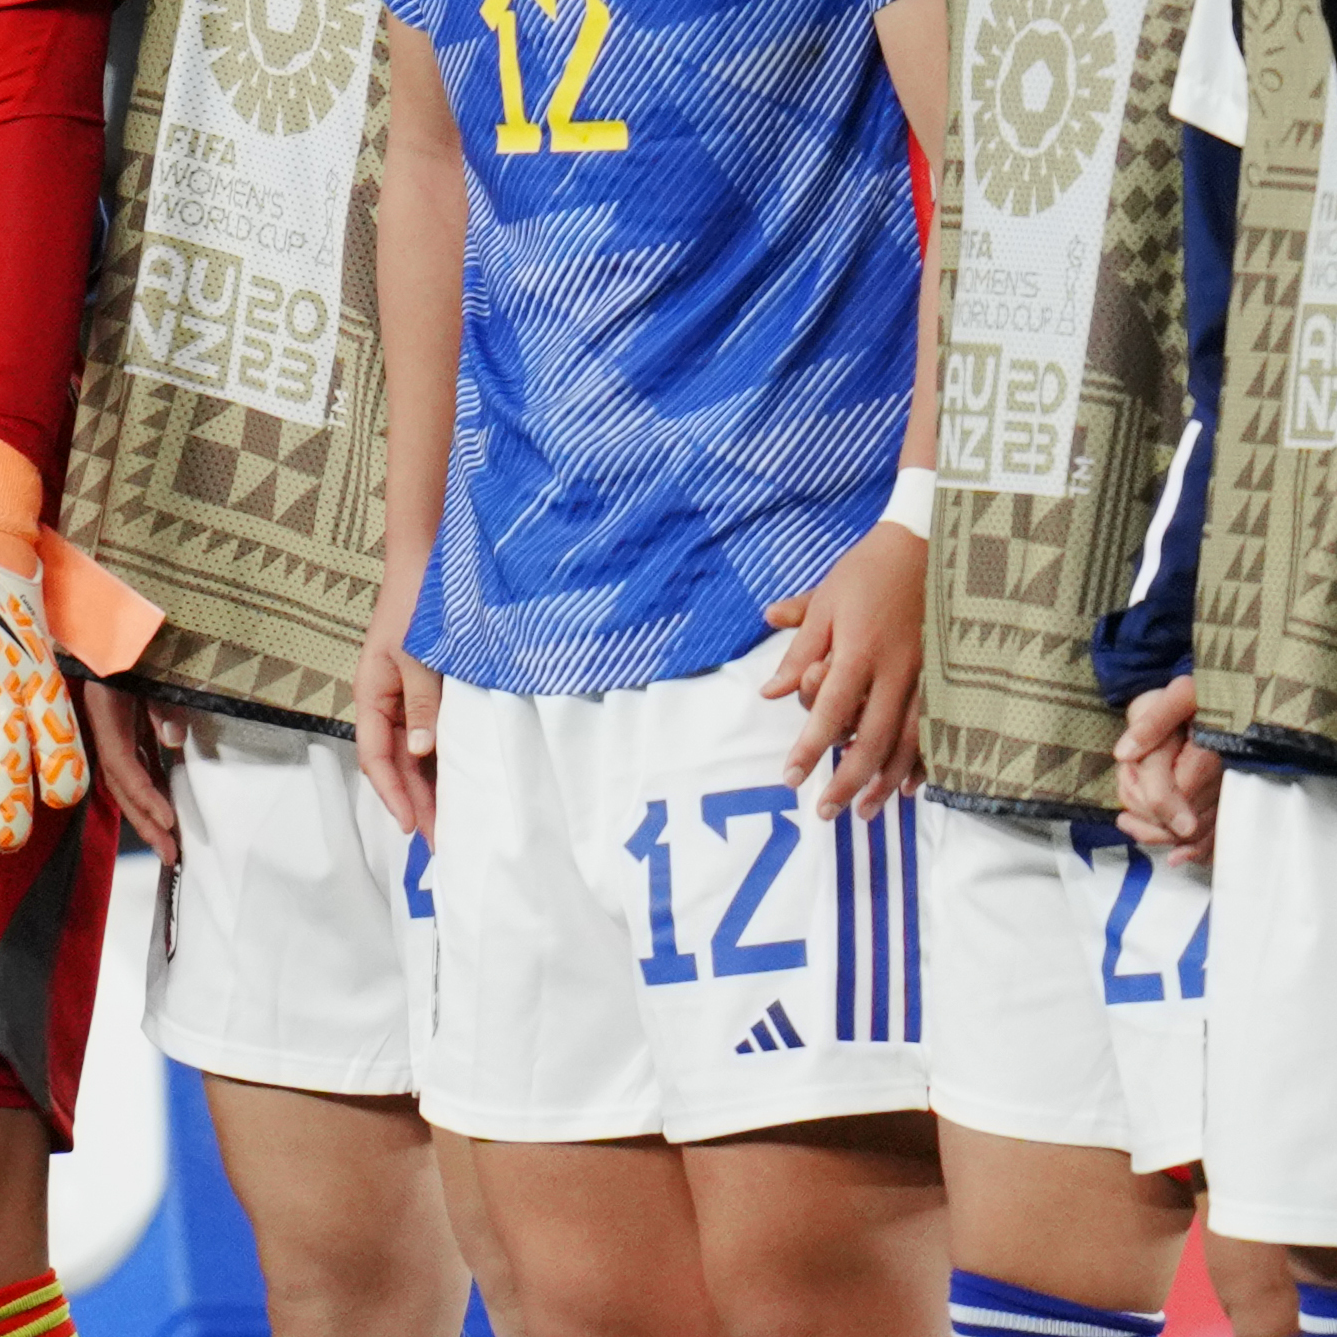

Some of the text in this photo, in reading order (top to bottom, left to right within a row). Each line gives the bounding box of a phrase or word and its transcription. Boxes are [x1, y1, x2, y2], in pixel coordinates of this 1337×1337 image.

[163, 123, 237, 164] FIFA
[159, 158, 285, 222] WOMEN'S
[152, 190, 306, 260] WORLD CUP
[137, 245, 236, 316] AU
[126, 301, 228, 380] NZ
[944, 352, 996, 411] AU
[1007, 358, 1069, 414] 20
[939, 414, 990, 471] NZ
[1002, 420, 1059, 475] 23
[624, 784, 808, 986] 12
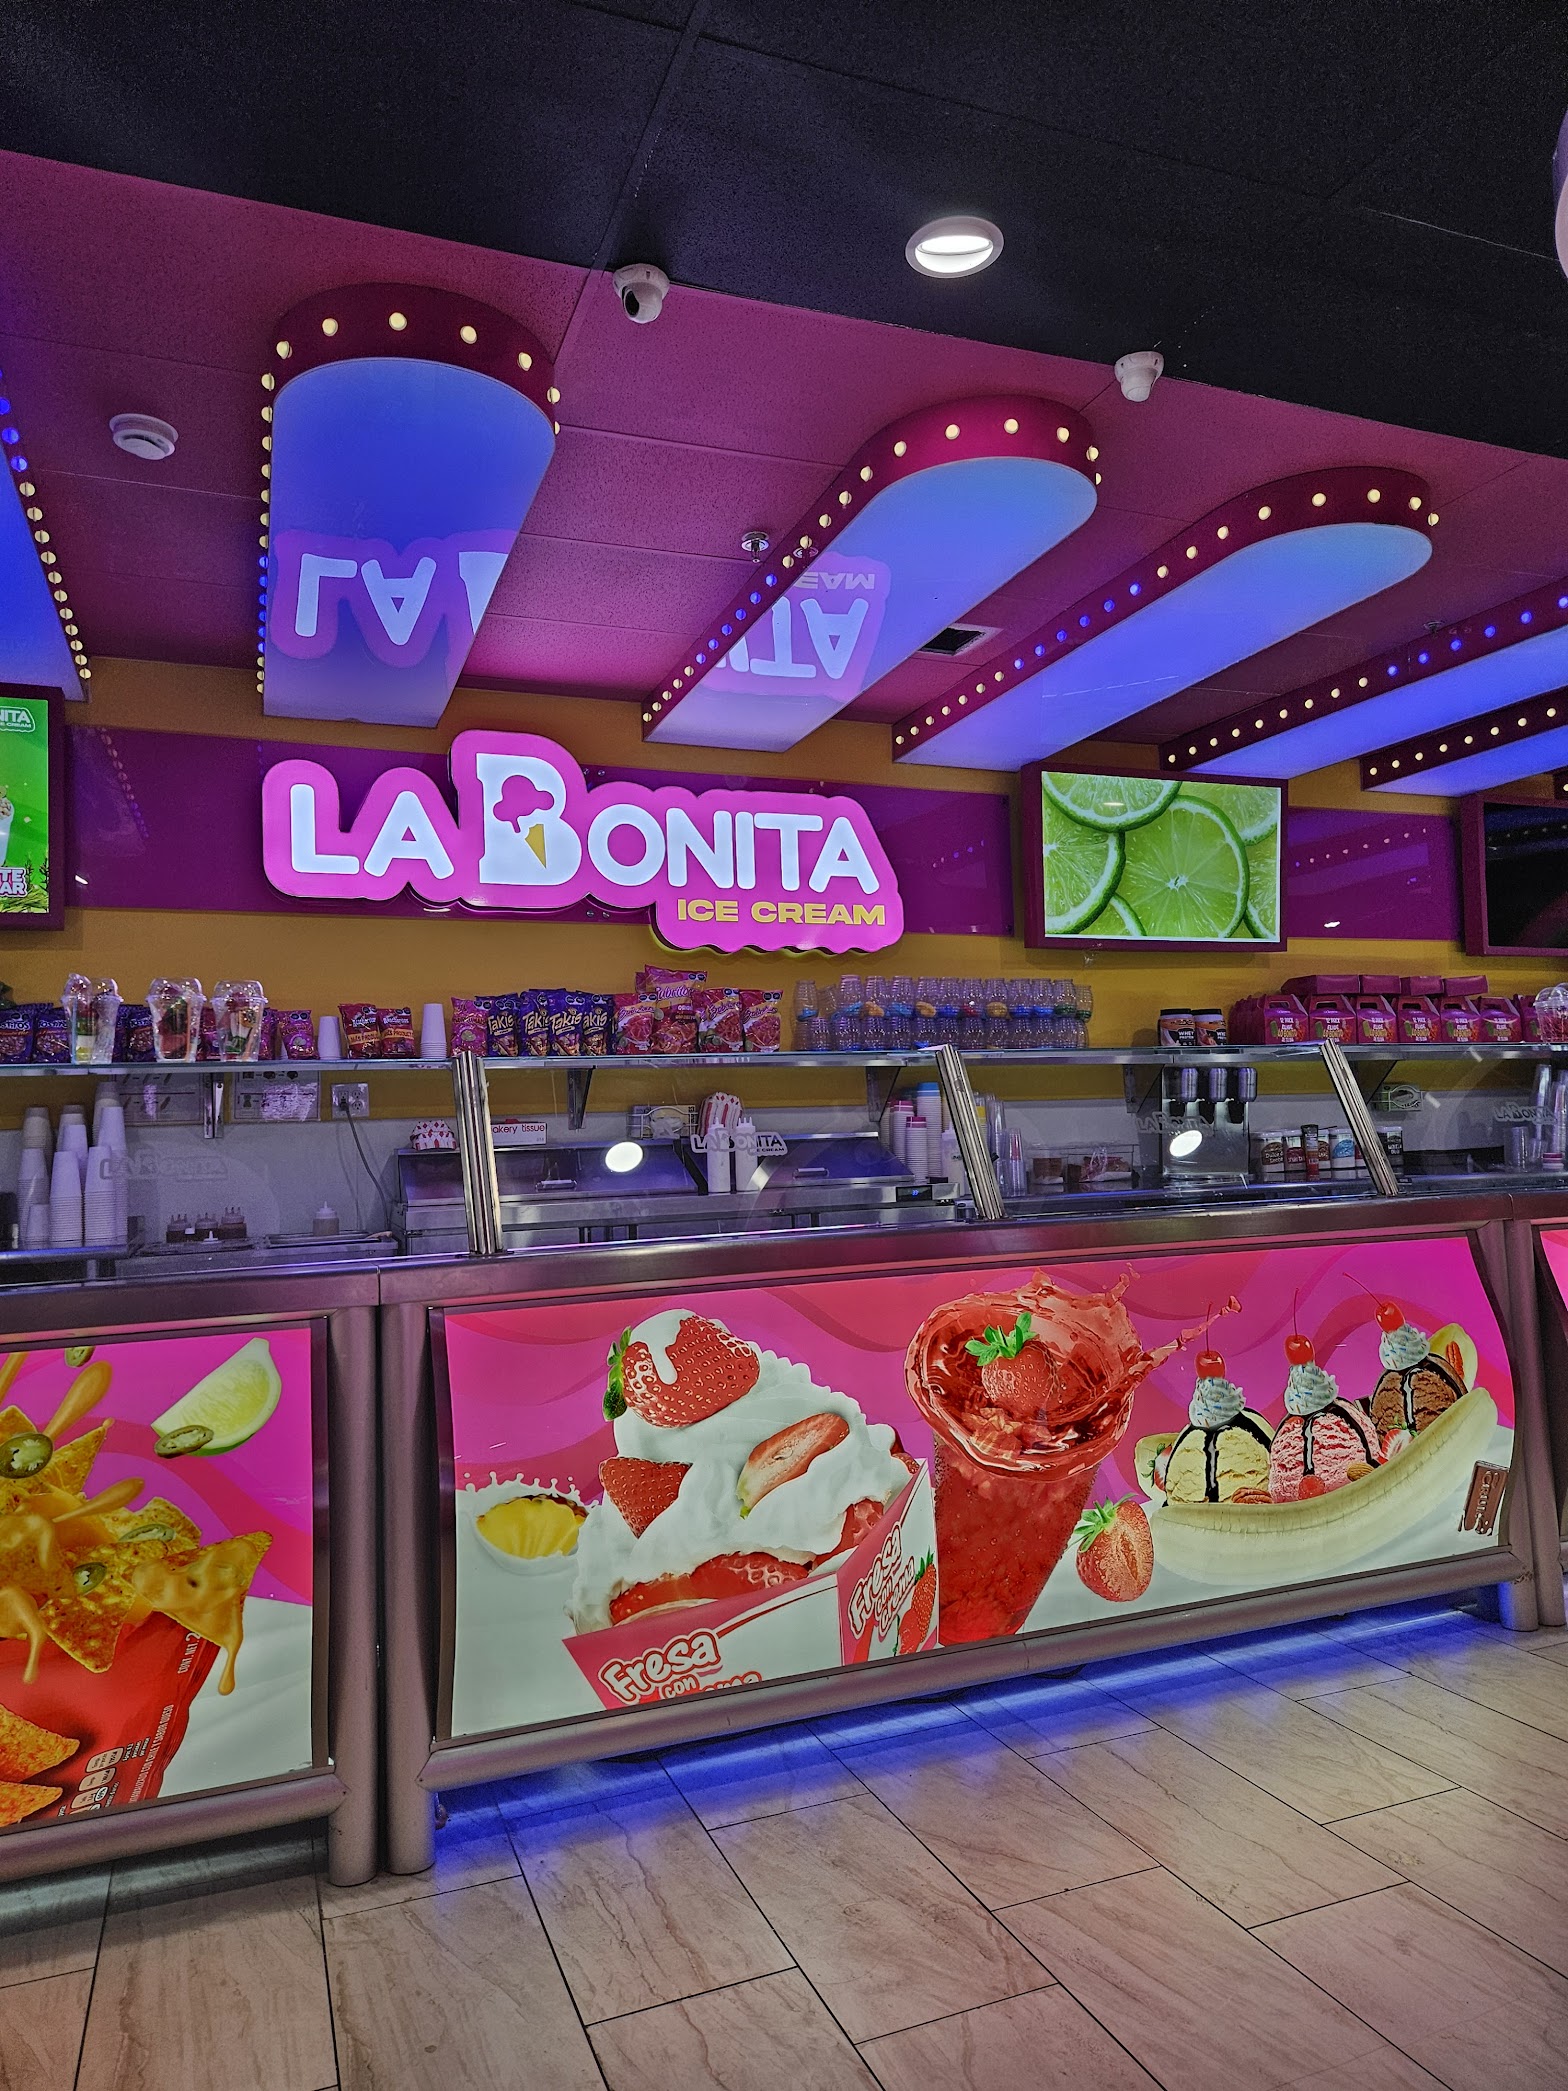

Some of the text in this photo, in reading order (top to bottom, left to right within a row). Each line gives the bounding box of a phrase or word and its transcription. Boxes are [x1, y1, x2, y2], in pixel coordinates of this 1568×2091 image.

[290, 753, 880, 895] LA BONITA
[678, 899, 886, 926] ICE CREAM
[488, 1014, 514, 1035] Takis
[550, 1010, 582, 1034] Takis
[583, 1011, 607, 1030] akis
[492, 1124, 544, 1134] akery tissue
[850, 1525, 901, 1635] Fresa
[875, 1577, 892, 1616] con
[602, 1632, 720, 1701] Fresa
[663, 1674, 698, 1698] con
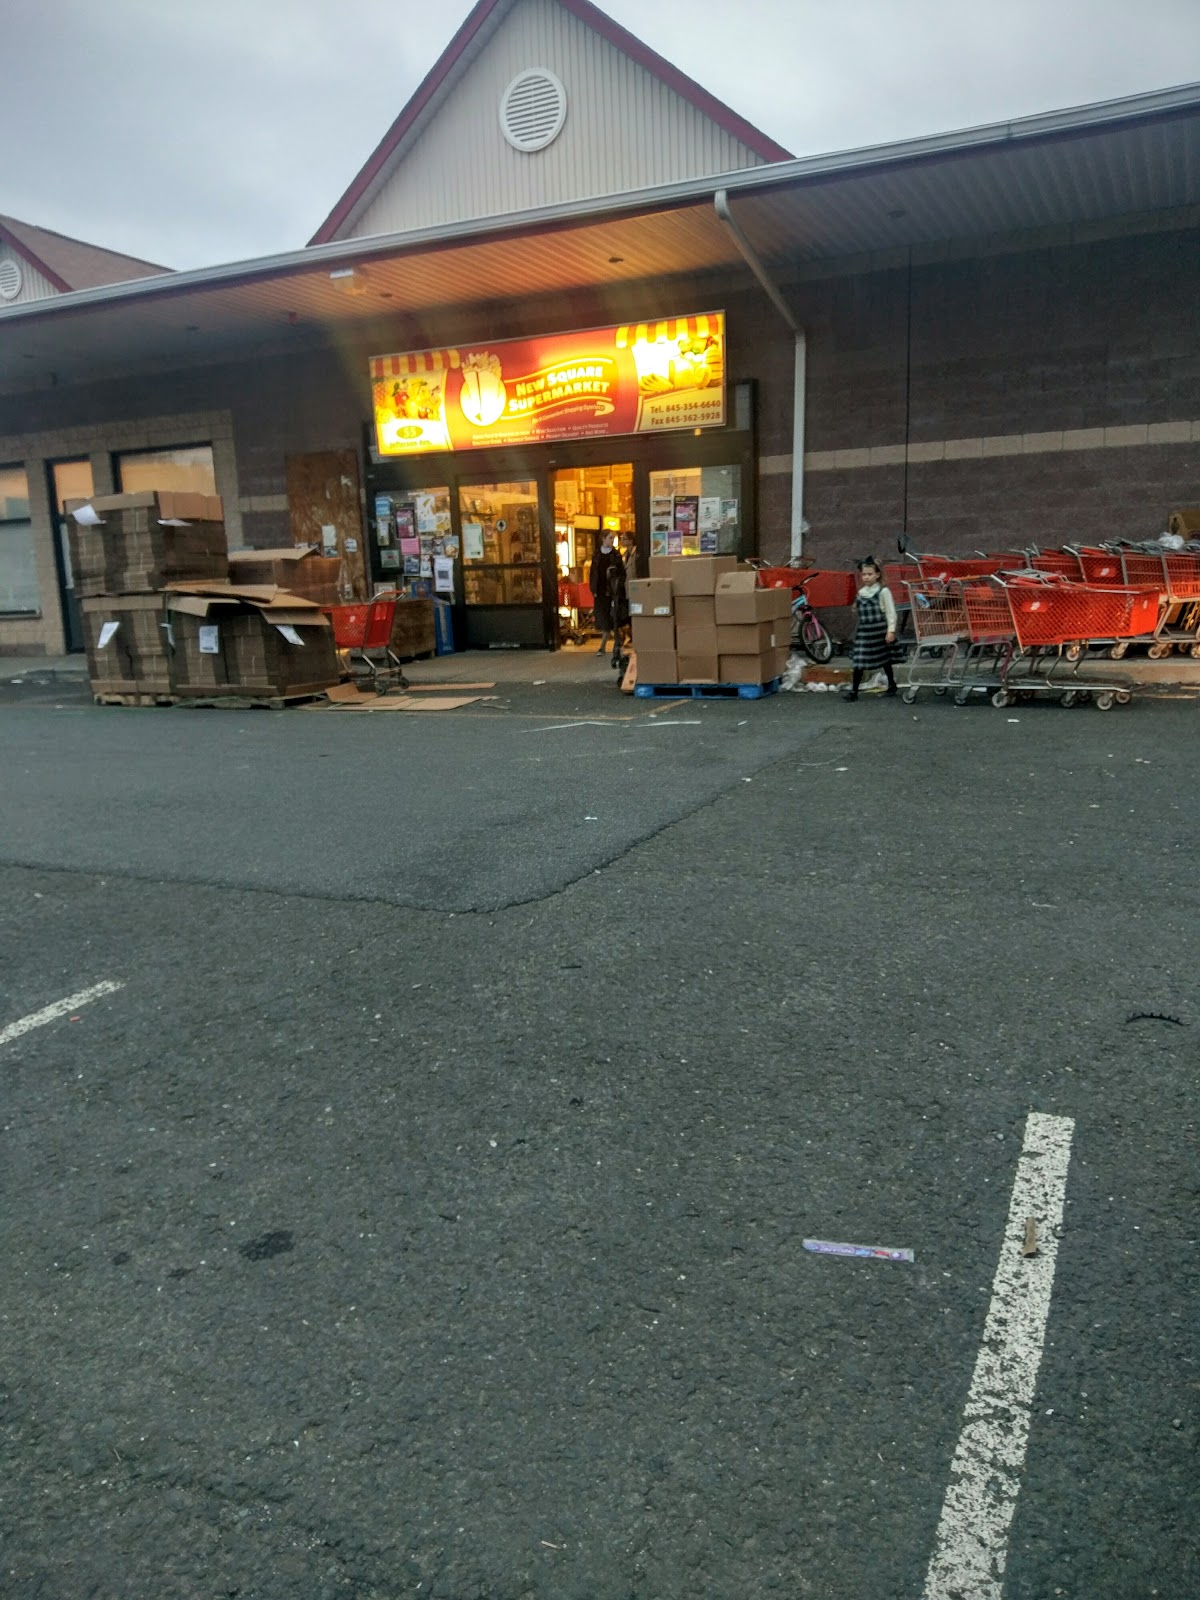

=====

_The problem_
Quote the material above exactly, from the line holding "this 1568×2091 image." through its last line, including both. Omit the pictures.

_Task output_
Some of the text in this photo, in reading order (top to bottom, left to right within a row). Each line gives the bounding box of a phrase or word and its transcription. Boxes are [x1, y1, x2, y2], in pixel coordinates of this 1568×2091 image.

[290, 753, 880, 895] LA BONITA
[678, 899, 886, 926] ICE CREAM
[488, 1014, 514, 1035] Takis
[550, 1010, 582, 1034] Takis
[583, 1011, 607, 1030] akis
[492, 1124, 544, 1134] akery tissue
[850, 1525, 901, 1635] Fresa
[875, 1577, 892, 1616] con
[602, 1632, 720, 1701] Fresa
[663, 1674, 698, 1698] con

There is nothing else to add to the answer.